WORK TASK >>
Can you print the data exactly and leave out each image?

[Spatial localization data]
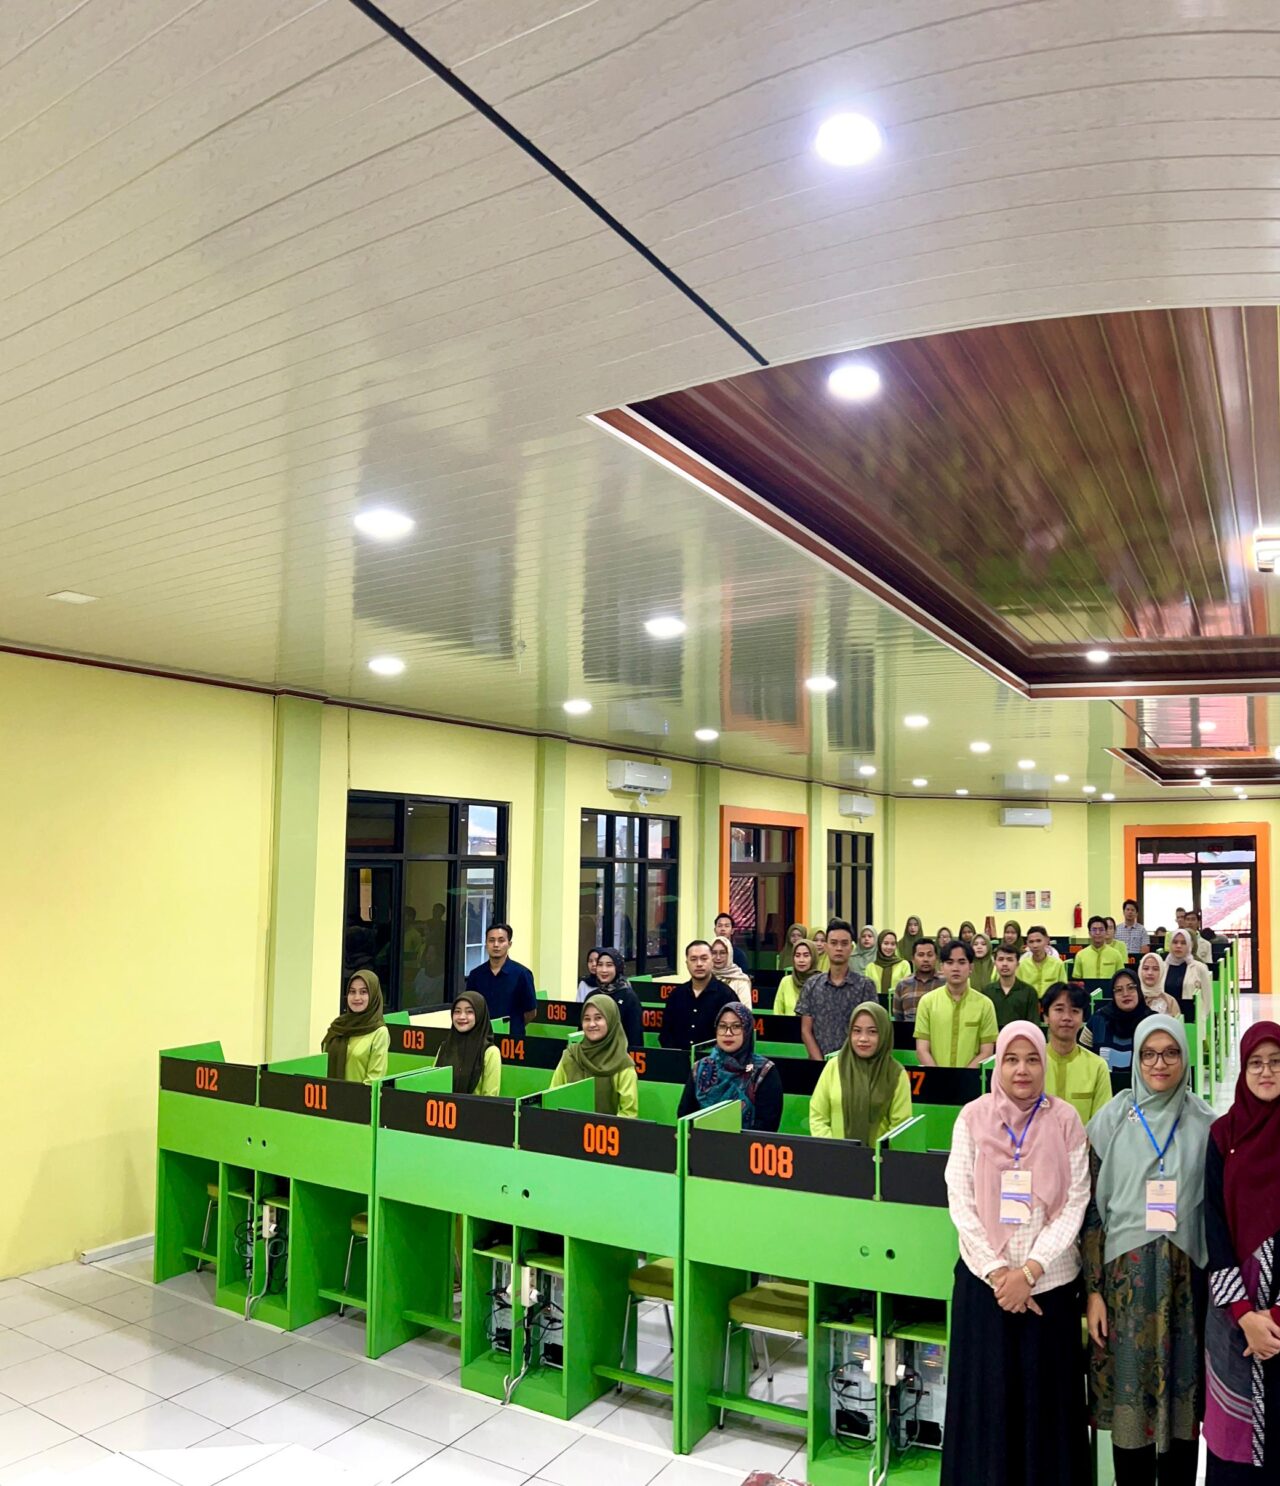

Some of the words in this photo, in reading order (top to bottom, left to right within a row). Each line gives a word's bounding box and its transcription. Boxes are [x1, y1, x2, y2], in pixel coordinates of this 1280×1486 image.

[661, 985, 676, 999] 03
[547, 1005, 567, 1020] 036
[642, 1010, 663, 1027] 035
[403, 1030, 425, 1049] 013
[501, 1039, 525, 1060] 014
[195, 1067, 218, 1091] 012
[304, 1083, 327, 1110] 011
[425, 1099, 457, 1129] 010
[583, 1122, 620, 1157] 009
[749, 1142, 794, 1179] 008
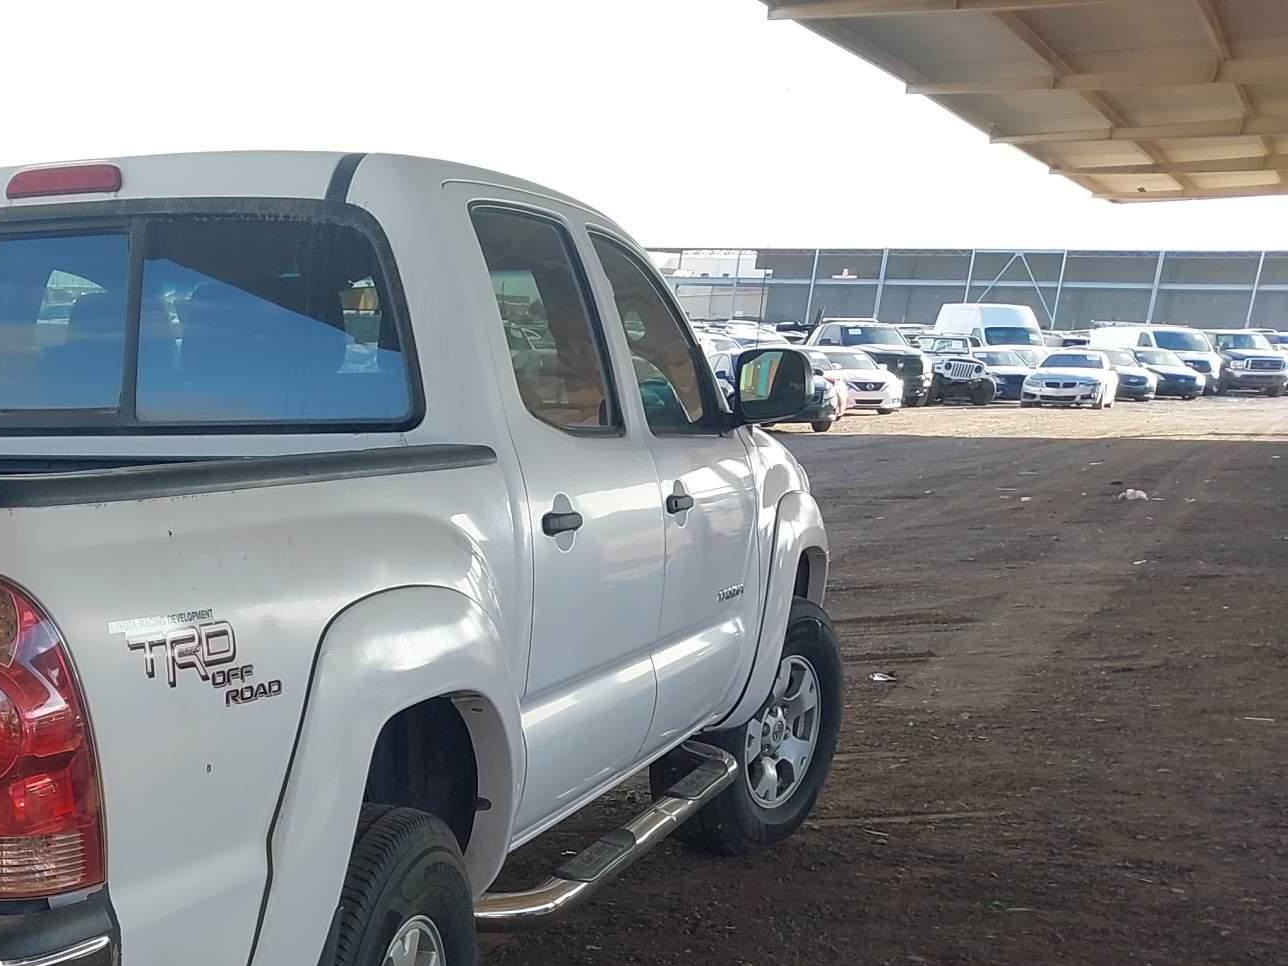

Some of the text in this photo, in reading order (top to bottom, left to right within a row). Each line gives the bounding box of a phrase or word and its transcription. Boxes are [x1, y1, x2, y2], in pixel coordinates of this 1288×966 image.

[167, 609, 213, 625] DEVELOPMENT
[126, 621, 236, 688] TRD
[211, 664, 254, 688] OFF
[226, 679, 283, 706] ROAD
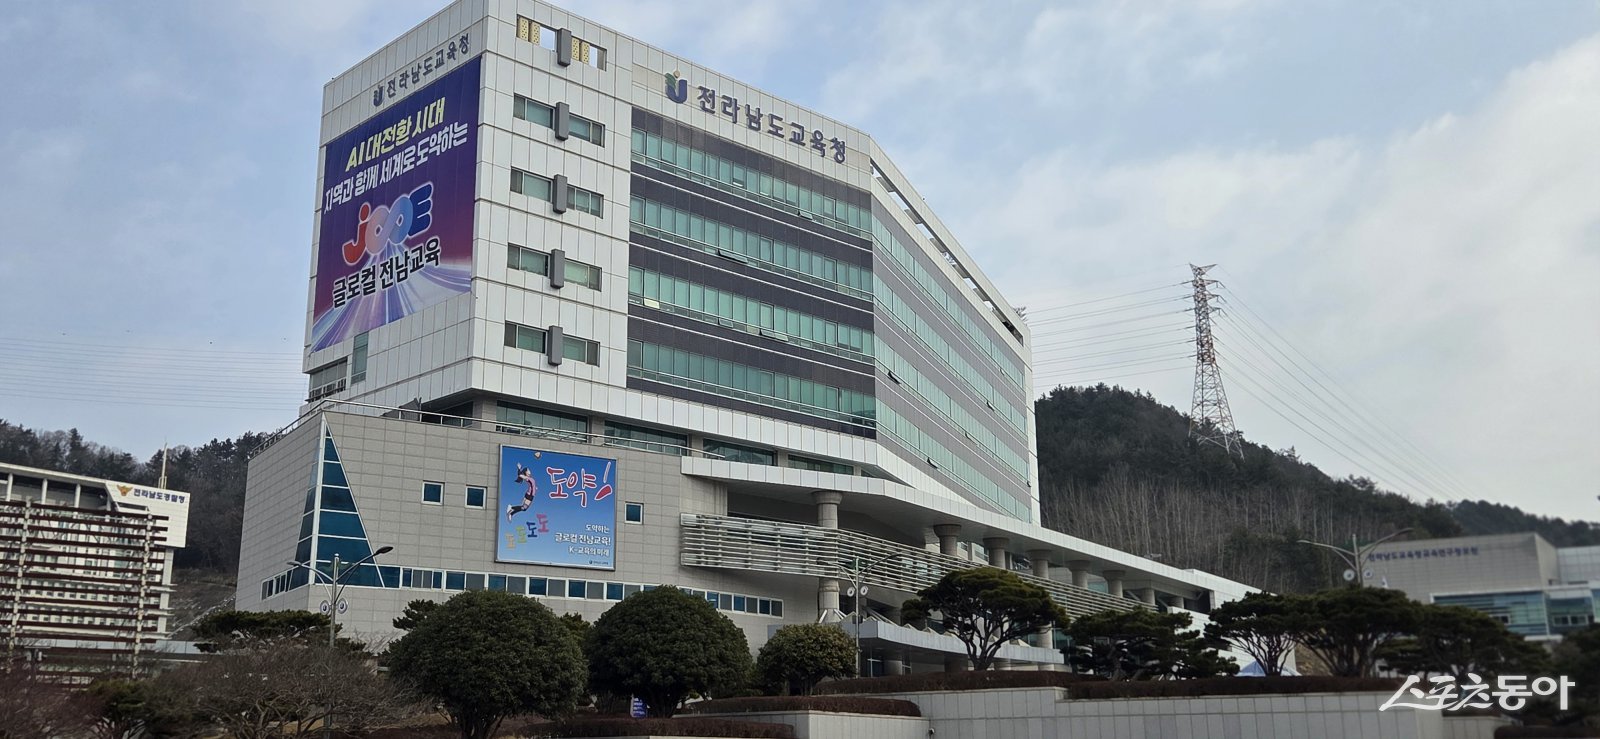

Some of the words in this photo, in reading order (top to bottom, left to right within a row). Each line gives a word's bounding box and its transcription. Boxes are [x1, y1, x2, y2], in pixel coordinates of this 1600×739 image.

ANSWER SPACE >>
Some of the words in this photo, in reading order (top to bottom, left to right within a row). Each line gives a word's bounding box and its transcription. Boxes are [x1, y1, x2, y2], in pixel coordinates of this 1280×1486 image.

[661, 985, 676, 999] 03
[547, 1005, 567, 1020] 036
[642, 1010, 663, 1027] 035
[403, 1030, 425, 1049] 013
[501, 1039, 525, 1060] 014
[195, 1067, 218, 1091] 012
[304, 1083, 327, 1110] 011
[425, 1099, 457, 1129] 010
[583, 1122, 620, 1157] 009
[749, 1142, 794, 1179] 008

Some of the text in this photo, in reading order (top to bottom, left to right within a row). Each line gives the bounding box of a phrase or word and its transcription. Boxes are [x1, y1, x2, y2], in pixel coordinates of this 1288×966 image.

[167, 609, 213, 625] DEVELOPMENT
[126, 621, 236, 688] TRD
[211, 664, 254, 688] OFF
[226, 679, 283, 706] ROAD

Some of the words in this photo, in reading order (top to bottom, left to right within a row). Each line gives a word's bounding box and its transcription. Boxes are [x1, y1, x2, y2], in pixel coordinates of this 1600×739 image.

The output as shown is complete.